Pope Francis Visits With Children With Visual Impairments in Budapest

At the end of the visit, the children and residents joined the Pope in praying the Our Father, which they had learned in Latin.

Pope Francis smiles during a meeting on April 29, 2023, with children and adults who are visually impaired and have other disabilities at a Catholic institute in Budapest, Hungary, dedicated to Blessed László Batthyány-Strattmann.
Pope Francis smiles during a meeting on April 29, 2023, with children and adults who are visually impaired and have other disabilities at a Catholic institute in Budapest, Hungary, dedicated to Blessed László Batthyány-Strattmann. (photo: Vatican Media)

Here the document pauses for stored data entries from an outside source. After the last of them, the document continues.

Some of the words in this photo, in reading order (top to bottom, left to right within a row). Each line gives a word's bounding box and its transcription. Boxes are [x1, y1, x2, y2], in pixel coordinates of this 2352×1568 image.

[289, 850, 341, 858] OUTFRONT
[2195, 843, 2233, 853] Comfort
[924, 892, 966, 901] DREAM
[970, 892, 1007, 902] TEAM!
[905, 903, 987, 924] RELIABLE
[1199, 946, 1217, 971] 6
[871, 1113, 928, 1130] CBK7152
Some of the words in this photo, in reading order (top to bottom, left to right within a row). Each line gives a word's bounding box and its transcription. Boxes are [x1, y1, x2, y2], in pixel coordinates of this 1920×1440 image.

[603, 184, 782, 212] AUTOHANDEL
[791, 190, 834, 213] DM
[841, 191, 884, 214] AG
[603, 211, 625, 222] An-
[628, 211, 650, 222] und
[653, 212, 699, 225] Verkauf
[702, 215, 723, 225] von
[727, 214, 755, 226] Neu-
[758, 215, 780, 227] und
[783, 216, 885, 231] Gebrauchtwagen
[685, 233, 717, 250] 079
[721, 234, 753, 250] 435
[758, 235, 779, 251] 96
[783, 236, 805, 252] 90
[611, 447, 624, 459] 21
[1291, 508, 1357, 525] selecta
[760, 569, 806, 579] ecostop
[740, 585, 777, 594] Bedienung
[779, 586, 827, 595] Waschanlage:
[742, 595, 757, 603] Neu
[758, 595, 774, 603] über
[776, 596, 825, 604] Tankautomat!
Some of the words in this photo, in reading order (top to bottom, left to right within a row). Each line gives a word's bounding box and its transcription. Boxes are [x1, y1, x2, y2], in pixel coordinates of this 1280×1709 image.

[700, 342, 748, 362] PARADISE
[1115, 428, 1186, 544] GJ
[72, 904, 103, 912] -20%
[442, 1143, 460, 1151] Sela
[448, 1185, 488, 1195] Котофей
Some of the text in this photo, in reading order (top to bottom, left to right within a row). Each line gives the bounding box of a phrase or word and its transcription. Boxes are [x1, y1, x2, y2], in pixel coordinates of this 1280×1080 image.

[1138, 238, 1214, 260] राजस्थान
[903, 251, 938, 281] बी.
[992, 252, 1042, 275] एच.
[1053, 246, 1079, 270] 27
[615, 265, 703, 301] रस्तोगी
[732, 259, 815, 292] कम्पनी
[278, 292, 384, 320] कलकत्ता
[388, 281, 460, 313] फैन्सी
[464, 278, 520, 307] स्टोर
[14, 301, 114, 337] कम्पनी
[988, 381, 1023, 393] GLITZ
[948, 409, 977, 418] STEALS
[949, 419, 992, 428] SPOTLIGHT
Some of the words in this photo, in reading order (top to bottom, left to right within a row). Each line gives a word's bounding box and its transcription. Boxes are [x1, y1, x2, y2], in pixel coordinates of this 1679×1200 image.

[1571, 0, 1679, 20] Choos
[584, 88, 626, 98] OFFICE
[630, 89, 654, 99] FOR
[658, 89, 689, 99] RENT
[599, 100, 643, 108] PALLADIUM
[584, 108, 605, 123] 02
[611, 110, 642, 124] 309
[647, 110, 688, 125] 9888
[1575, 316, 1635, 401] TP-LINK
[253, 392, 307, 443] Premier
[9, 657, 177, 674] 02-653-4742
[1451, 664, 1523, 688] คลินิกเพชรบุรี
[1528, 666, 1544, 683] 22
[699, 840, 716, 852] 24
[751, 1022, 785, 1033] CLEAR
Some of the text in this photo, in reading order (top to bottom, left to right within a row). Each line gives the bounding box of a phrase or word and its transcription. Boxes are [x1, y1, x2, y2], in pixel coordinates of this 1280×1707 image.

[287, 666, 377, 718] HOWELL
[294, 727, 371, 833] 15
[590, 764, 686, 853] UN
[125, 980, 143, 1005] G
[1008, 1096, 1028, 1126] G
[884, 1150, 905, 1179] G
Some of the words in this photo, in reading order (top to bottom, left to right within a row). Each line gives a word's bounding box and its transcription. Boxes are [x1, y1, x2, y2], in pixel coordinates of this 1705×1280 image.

Pope Francis’ second day in Budapest, Hungary, included a visit Saturday morning with children and adults with visual impairments and other disabilities.

Arriving in his wheelchair at the Blessed László Batthyány-Strattmann Institute at 8:45 a.m. local time, he received a tour and was greeted by songs and a reception.

The Holy Father was not expected to give remarks, but spoke briefly from the heart, encouraging those present to walk “alongside the reality of the poor,” the sick, and the needy, because, he said, “this is pure Gospel.” 

“Jesus came to take on reality as it is, and to bring it forward. It would have been easier to take ideas or ideologies and bring them forward, without taking into account reality. [But] this is the way of the Gospel, this is the way of Jesus,” he said.

The institute, named for a Catholic eye surgeon, is an outgrowth of the ministry of the late Sister Anna Fehér, a visually impaired religious sister known as “Mother Teresa of Hungary,” who died in 2021.

At the end of the visit, the children and residents joined the Pope in praying the Our Father, which they had learned in Latin. They also presented him with a handmade gift: a woven bag in the colors of the Argentinian flag and the Argentinian soccer team.

For his part, the Pope left them with a statue of Our Lady, Undoer of Knots.